▶ _Exercise_
The copy must match the data word for word and contain no pictures.

▶ _Provided material_

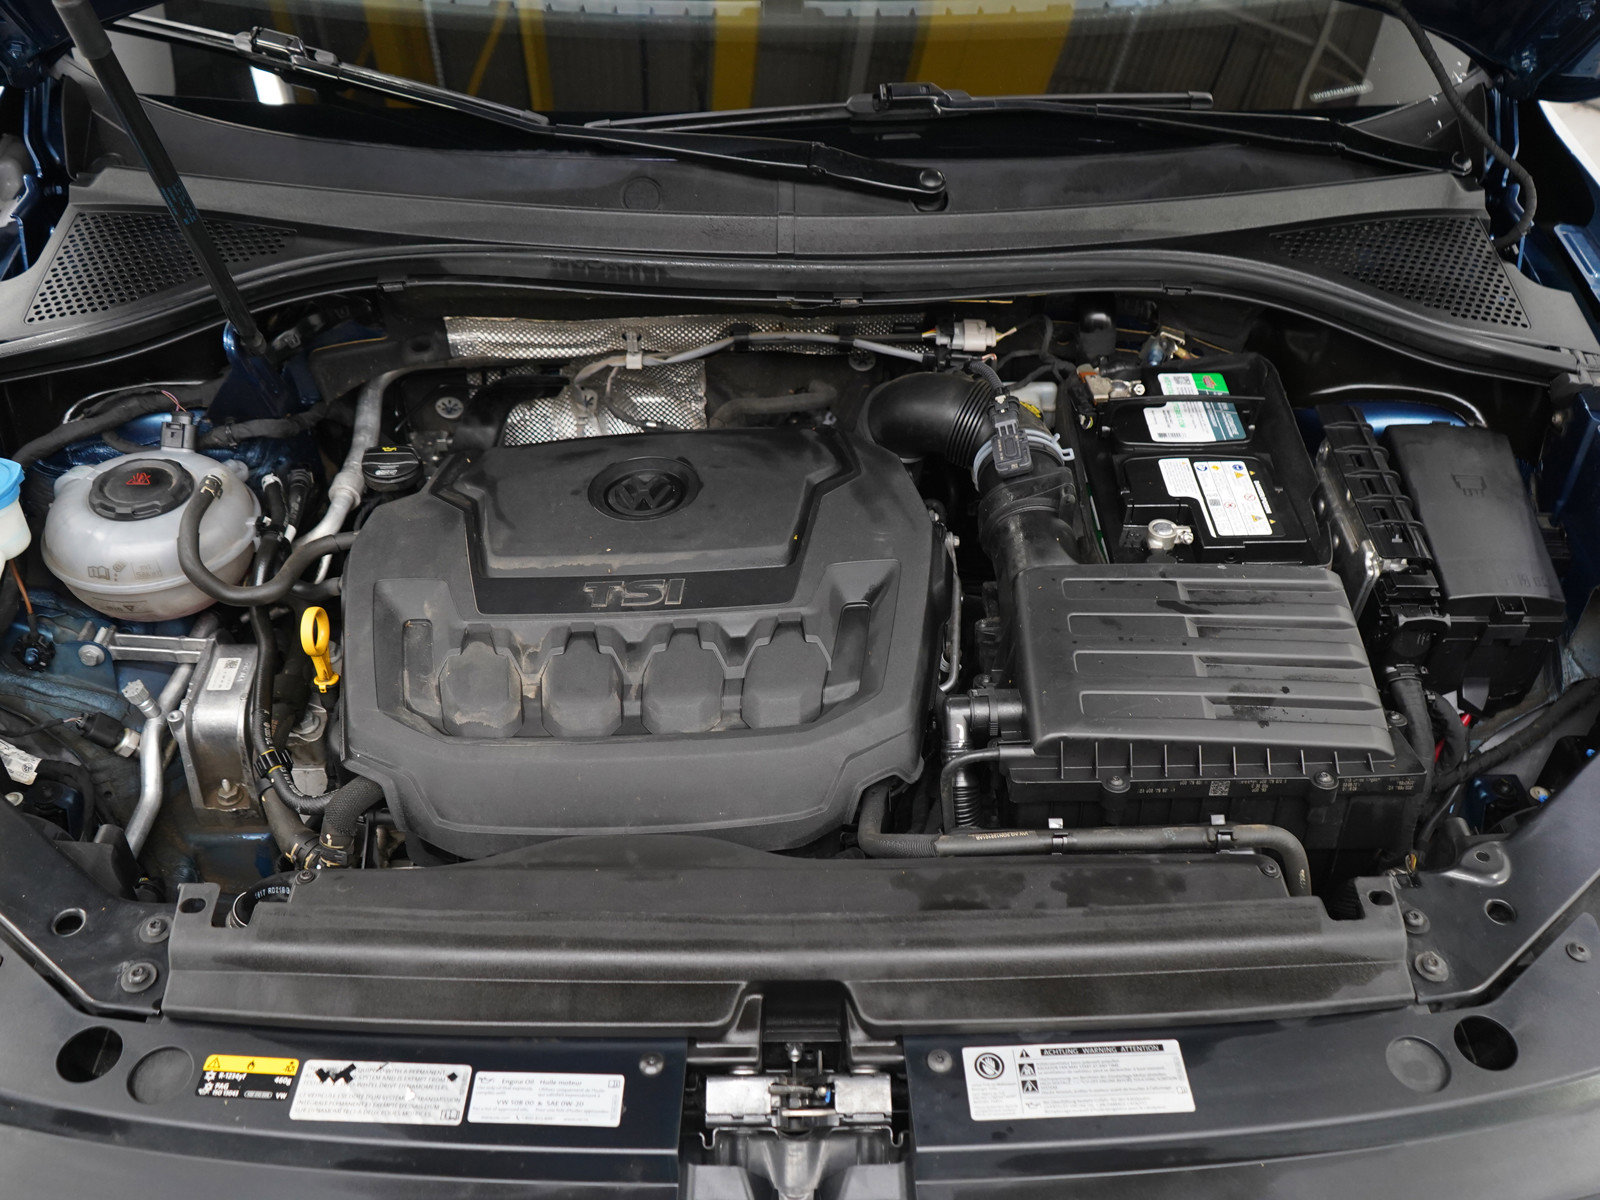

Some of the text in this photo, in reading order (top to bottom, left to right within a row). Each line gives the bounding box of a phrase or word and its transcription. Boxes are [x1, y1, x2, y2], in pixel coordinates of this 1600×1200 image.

[583, 578, 686, 608] TSI
[1083, 1046, 1117, 1054] WARNING
[1121, 1045, 1159, 1053] ATTENTION
[275, 1091, 288, 1100] VW
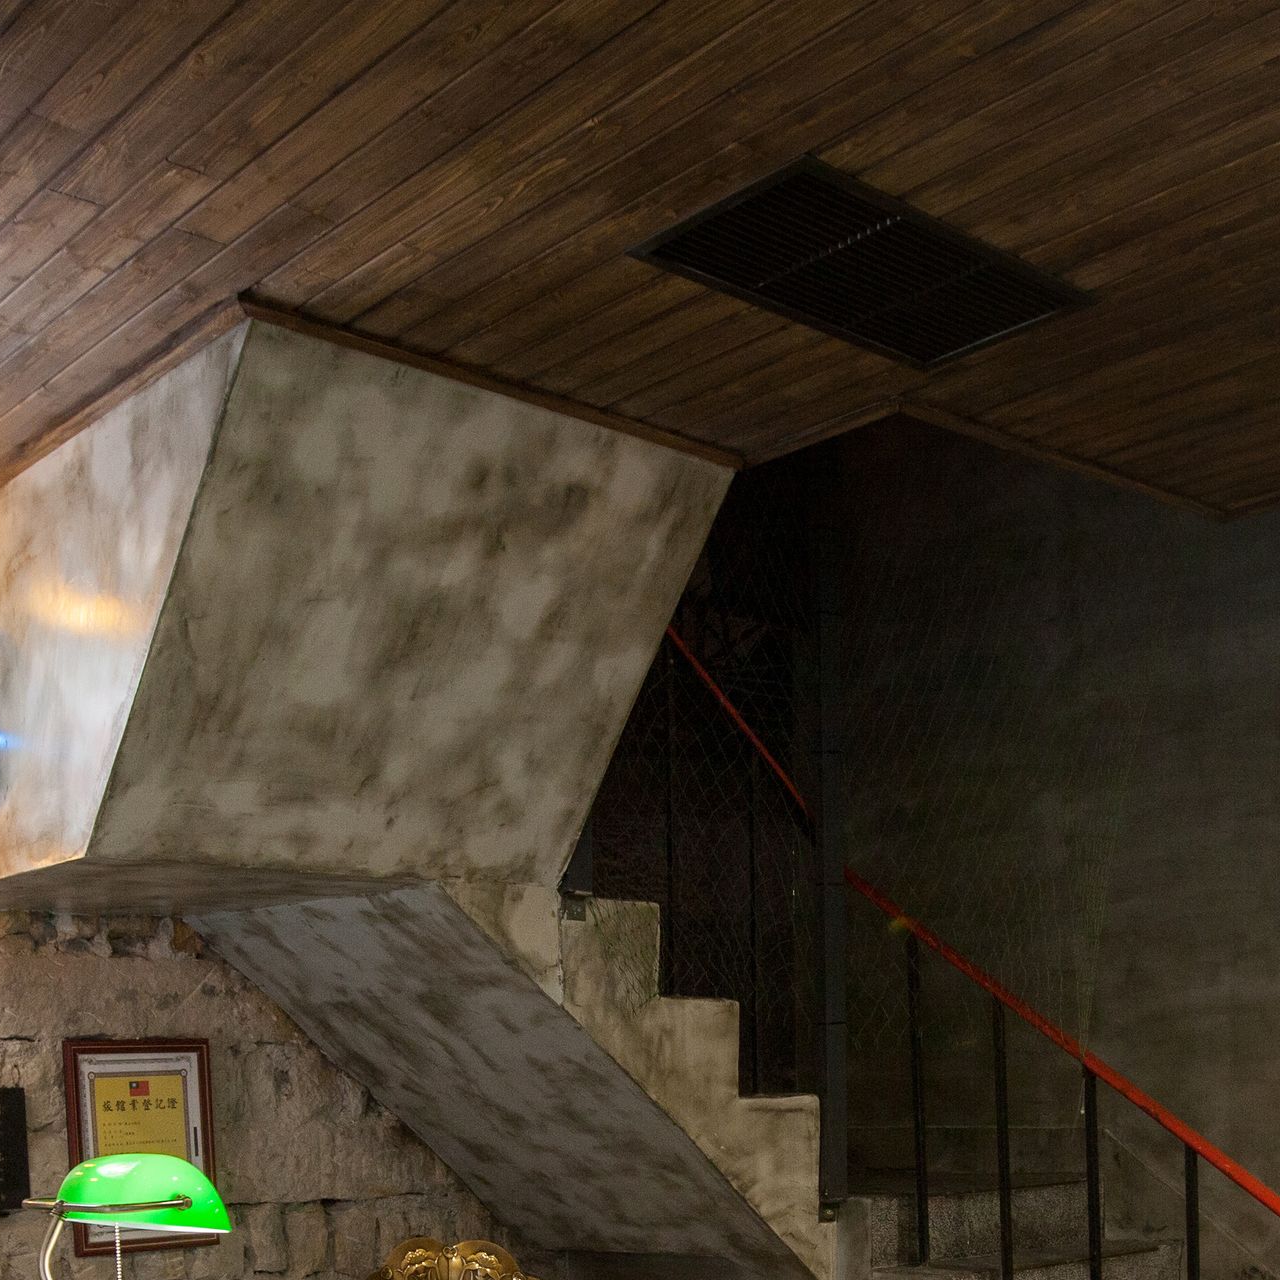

▶ _Answer section_
Some of the text in this photo, in reading order (top to bottom, left to right within a row). Each line gives the bounding box of a phrase or word and its transcription. Boxes are [x1, y1, x2, y2], in pixel coordinates of this 1600×1200 image.

[583, 578, 686, 608] TSI
[1083, 1046, 1117, 1054] WARNING
[1121, 1045, 1159, 1053] ATTENTION
[275, 1091, 288, 1100] VW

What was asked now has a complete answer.